The US Department of the Treasury is looking for alternatives to controversial third-party facial recognition software it has introduced to enable people to access the website of the Internal Revenue Service (IRS) amid privacy concerns.
The IRS, which is the Treasury’s largest bureau and responsible for collecting the taxes of all American citizens and companies as well as enforcing tax laws, is reconsidering its use of ‘ID.me’, a Treasury spokesperson told news agency Bloomberg on 28 January. ID.me is an online identity verification service that requires users to submit a video selfie to verify themselves.
The federal agency’s move follows a report by a security blogger, Brian Krebs, who noticed a message on the IRS website directing taxpayers to create an account with ID.me. The IRS sign-in page reads: ‘If you have an existing IRS username, please create a new ID.me account as soon as possible. We’re bringing you an improved sign-in experience. You won’t be able to log in with your existing IRS username and password starting in summer 2022.’

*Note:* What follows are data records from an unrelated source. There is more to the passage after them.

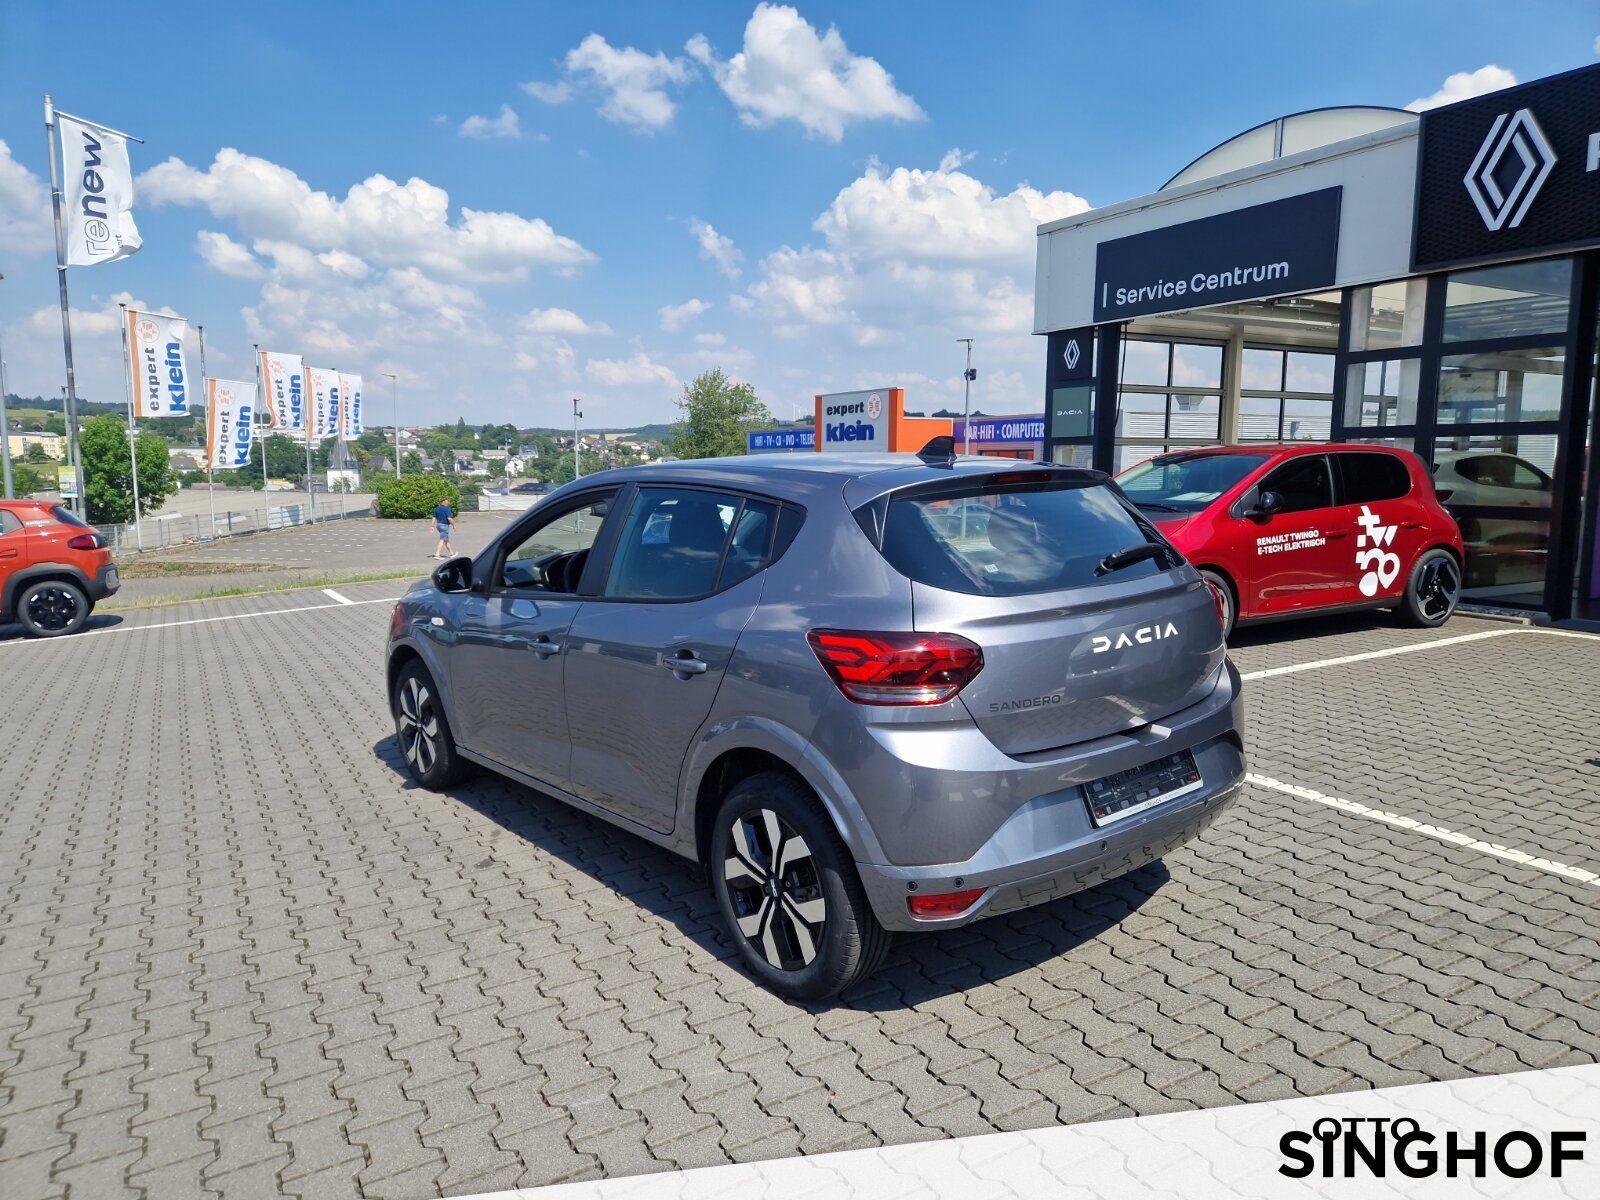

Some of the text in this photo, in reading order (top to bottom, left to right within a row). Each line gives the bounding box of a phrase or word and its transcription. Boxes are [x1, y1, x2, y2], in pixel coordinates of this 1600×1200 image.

[82, 131, 114, 255] renew
[1116, 261, 1289, 306] Service Centrum
[144, 347, 160, 412] expert
[165, 342, 187, 411] klein
[275, 379, 287, 426] expert
[289, 375, 301, 427] klein
[316, 392, 325, 435] expert
[328, 387, 339, 434] klein
[352, 392, 362, 435] klein
[826, 402, 865, 416] expert
[219, 411, 230, 465] expert
[234, 405, 252, 465] klein
[766, 435, 773, 446] TV
[826, 420, 874, 442] klein
[1001, 422, 1045, 438] COMPUTER
[1256, 530, 1319, 546] RENAULT TWINGO
[1257, 538, 1326, 555] E-TECH ELEKTRISCH
[1092, 622, 1179, 653] DACIA
[990, 694, 1061, 712] SANDERO

The IRS announced its ‘new identity verification process to access certain IRS online tools and services’ on 17 November last year highlighting the use of ID.me, ‘a trusted technology provider’. In order to use basic services such as access individual account information, apply for a payment plan, request an ‘identity protection PIN’ or access the ‘Child Tax Credit Portal’, US taxpayers have to provide a photo of an identity document such as a driver’s licence, state ID or passport and also ‘take a selfie with a smartphone or a computer with a webcam’, a press release explained.

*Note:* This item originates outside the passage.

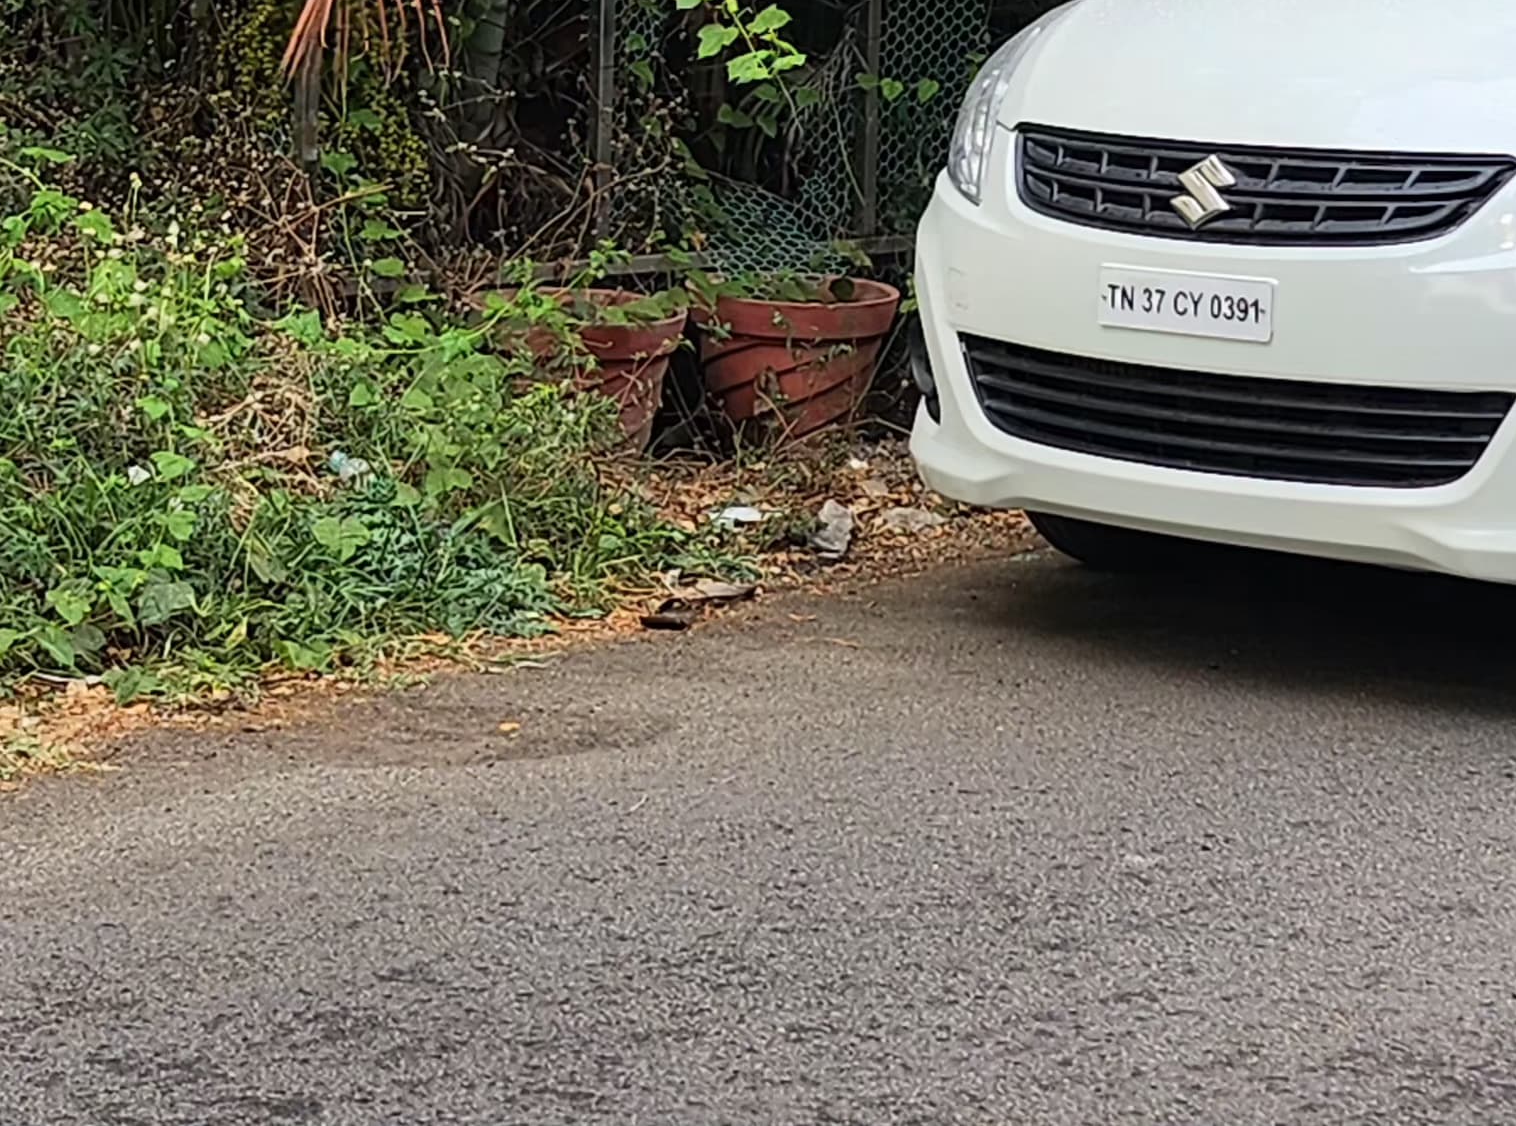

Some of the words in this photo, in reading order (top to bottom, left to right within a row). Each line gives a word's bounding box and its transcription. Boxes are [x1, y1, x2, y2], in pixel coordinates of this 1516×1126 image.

[1107, 283, 1134, 311] TN
[1142, 287, 1166, 314] 37
[1173, 290, 1204, 317] CY
[1210, 294, 1259, 324] 0391

Designed to be ‘as secure as possible’
94.3 per cent of individual tax returns in the US were filed electronically in 2020, according to IRS statistics.
Anyone who does not want to use ID.me could opt against filing their taxes online, Treasury spokesperson Alexandra LaManna said in the 28 January statement. “There have been some wildly inaccurate statements regarding the use of selfies relating to paying and filing taxes,” the IRS wrote in a statement to tech news site Gizmodo. “The IRS emphasizes taxpayers can pay or file their taxes without submitting a selfie or other information to a third-party identity verification company.”
An ID.me account will nonetheless be needed to access all the other services mentioned above.
Over the course of the pandemic, ID.me was able to secure numerous government contracts. The US government currently employs the company to verify identities for social security, veterans’ affairs and state benefits. According to the Virginia-based company, it has 70 million users and maintains partnerships with 30 states and 10 federal agencies, as well as more than 500 companies.
In November, IRS commissioner Chuck Rettig said: “Identity verification is critical to protect taxpayers and their information. The IRS has been working hard to make improvements in this area, and this new verification process is designed to make IRS online applications as secure as possible for people.”
Yet criticism of the $86 million (about £64 million) ID.me contract with the IRS gained momentum with politicians and privacy advocates raising concerns about the company’s access to facial images. While LaManna stressed that the IRS would protect any data it receives and ‘believes in the importance of protecting the privacy of taxpayers’, she added that it has been ‘impossible’ for the IRS to develop its own cutting-edge identification programme due to a ‘lack of funding for IRS modernisation’.
ID.me clarifies ‘one to many’ check
ID.me’s founder and chief executive, Blake Hall, meanwhile, attracted fresh scrutiny on 26 January when he wrote in a LinkedIn post that the company uses ‘a specific “one to many” check on selfies tied to government programs targeted by organized crime to prevent prolific identity thieves and members of organized crime from stealing the identities of innocent victims en masse’. So-called ‘one to many’ facial recognition systems compare users to a database of (many) faces and are considered more susceptible to error and bias whereas ‘one to one’ checks match someone against a passport or ID card.
Just two days prior Hall had said in a statement: ‘ID.me does not use “one to many” facial recognition, which is more complex and problematic’. “I apologise for that,” Hall told news site Axios on 26 January. “My intent is never to mislead.” His statement was updated with a footnote clarifying that the ‘one to many’ check ‘is internal to ID.me and does not involve any external or government database’. It also is only to occur once during enrolment and is not tied to identity verification.
ID.me only recently confirmed that it uses US-headquartered company Amazon’s ‘Rekognition’ facial recognition system to compare new selfies to its internal database of selfies taken by users. Amazon has faced considerable criticism in recent years for selling Rekognition to police departments despite studies finding evidence of racial bias in the technology. In 2020, Amazon called for federal regulation of the technology and issued a one-year moratorium on police use of its system explaining ‘this might give Congress enough time to implement appropriate rules’. Last May, the company extended the moratorium until further notice, this time not commenting on the reasoning.